They are all doing well and I am about to add some injectable CO2 (brewer's yeast and sugar with a DIY kit).

My concern is that algae is growing on the swords, the aquarium dividers (macrame canvass from a DIY project I did) and on some of the ornaments.

I leave my lights on for about twelve hours. And I leaving them on too long?

How long do you guys leave your lights on for your plants?

SunSchein89
07-15-2010, 09:43 AM
I have three planted tanks and all of them get 12 straight hours of light a day. I have a little bit of algae here and there, but it's kept under control to a point where I like a little bit of it to complete the natural look; it's not overwhelming. Algae is pretty normal, especially at first. The trick is to find the right balance of light and nutrients which can take awhile; really you just have to play around with it and give it some time to figure out what works best.

A few things you can try to combat algae for now...

- Break up your light cycle in the middle. You can still keep it on for 12 hours, but try putting a 3 or 4 hour break inbetween. You could even shorten your light cycle a little bit down to maybe 10 total if you don't want a light on in the room for that long. Algae needs long periods of light to grow, whilst plants can almost immediately start photosynthesizing when the lights come back on.

- Invest in a couple otocinclus catfish. They do wonders for cleaning algae off of plants in smaller tanks, produce little bioload, don't take up much space in the water column that your fish use, and get along fine with most fish. Even dwarf puffers leave them alone when they pick on most other living things in their path. Three or four in a 10 gallon tank can be done no problem.

- Find a few bottom feeders that you like. While they don't really clean up the algae so much, they eat a lot of the extra stuff that winds up on the bottom of your tank which can be a major cause of algae. My 20 gallon has 5 cories, some ghost shrimp, some mystery snails, and a bristlenose pleco. I overfeed pretty much on purpose and it's spotless by the next morning, if not a couple hours after the lights go off. I never really have to worry about food sinking, and I try to do it half the time just to make sure everyone is getting their fair share that doesn't partake in the daily feeding frenzy on the algae wafer.

Hope I was of some assistance :22: , I'm sure you'll get some other good pieces of advice from some other members too.

rich311k
07-15-2010, 10:32 AM
I run my lights for ten hours a day. Tryt different lighting legnths until you find the one that works for your tank.

AdrienDeLaChicago
07-15-2010, 10:49 AM
Thanks, Sun and Rich.

I didn't realize it but I have been leaving my tanks on for 14 hours. Yikes!

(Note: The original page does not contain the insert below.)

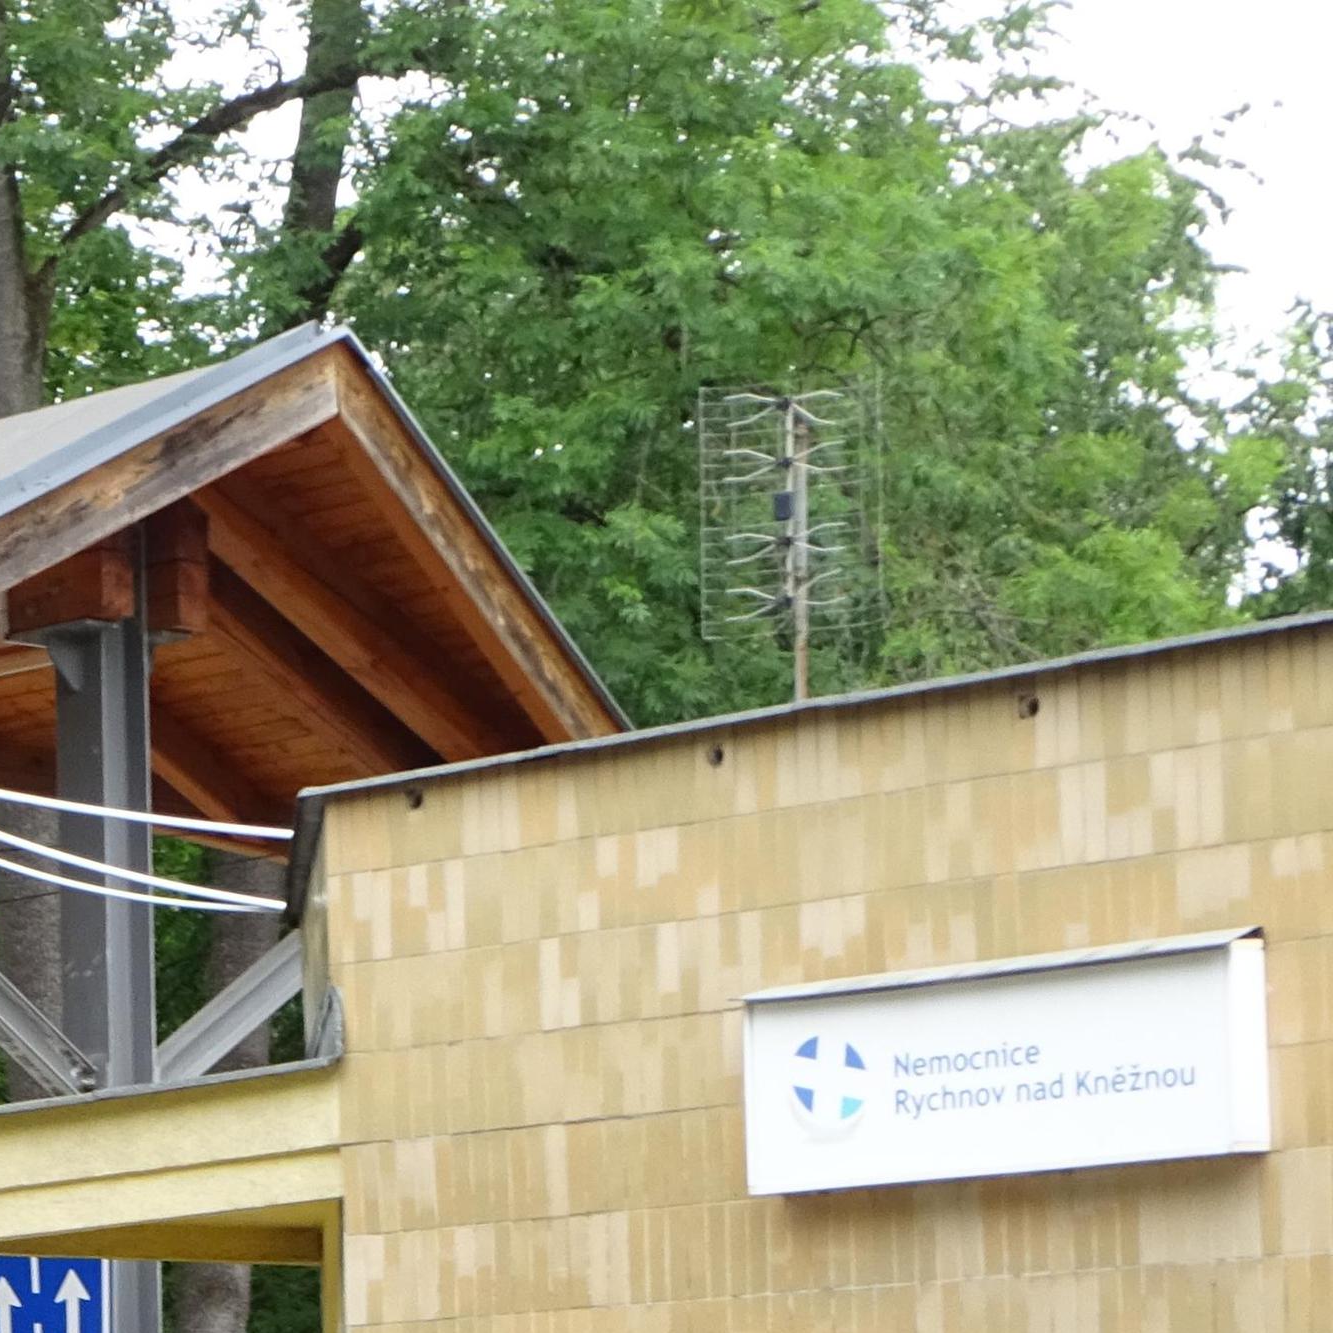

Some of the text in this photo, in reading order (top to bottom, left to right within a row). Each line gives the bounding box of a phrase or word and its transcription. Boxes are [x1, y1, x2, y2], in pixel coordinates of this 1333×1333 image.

[893, 1041, 1041, 1078] Nemocnice
[895, 1064, 1195, 1120] Rychnov nad Kněžnou

I reset the time to operate for 12 hours. I hope this will help.

Oh and I do have the otto fish and ghost shrimp. But I was getting black beard algae on a couple of sword plants and that was really annoying me.

I also had to stop using liquid fertilizer by API. I forget the name but I did not realize that it was creating insane amounts of algae. I had to take my tanks apart and bleach the plastic tanks because it was that really difficult kind of algae that would not come off.

Thanks! :goldfish: :fish:

Lady Hobbs
07-15-2010, 01:46 PM
You may be dosing too much fertilizer. I only use ferts in one tank that is jammed with plants. If your tank is only slightly planted or has slow growers, just a very small amount of fert is needed, if at all. If the plants can not use up what you are dosing, you end up with an imbalance of nutrients.

Before your algae becomes out of control, I would get a bottle of Excel and get that algae gone then with the less (or no) ferts and less lights, you may do better.

AdrienDeLaChicago
07-15-2010, 09:45 PM
Thanks, everyone. I have a lot of plants in my tank. It is like a jungle in all four of my tanks. My bettas and ghost shrimp seem to love it. thumbs2:

Can anyone recommend how much Excel Flourish I should use per gallon on a daily basis? I cannot seem to figure this out. Hope someone can help.

SunSchein89
07-15-2010, 10:16 PM
On the bottle it says to use 1 cap full (5 ml) for every 10 gallons on the initial use or after water changes greater than 40% and then 5 ml for every 50 gallons on all other doses.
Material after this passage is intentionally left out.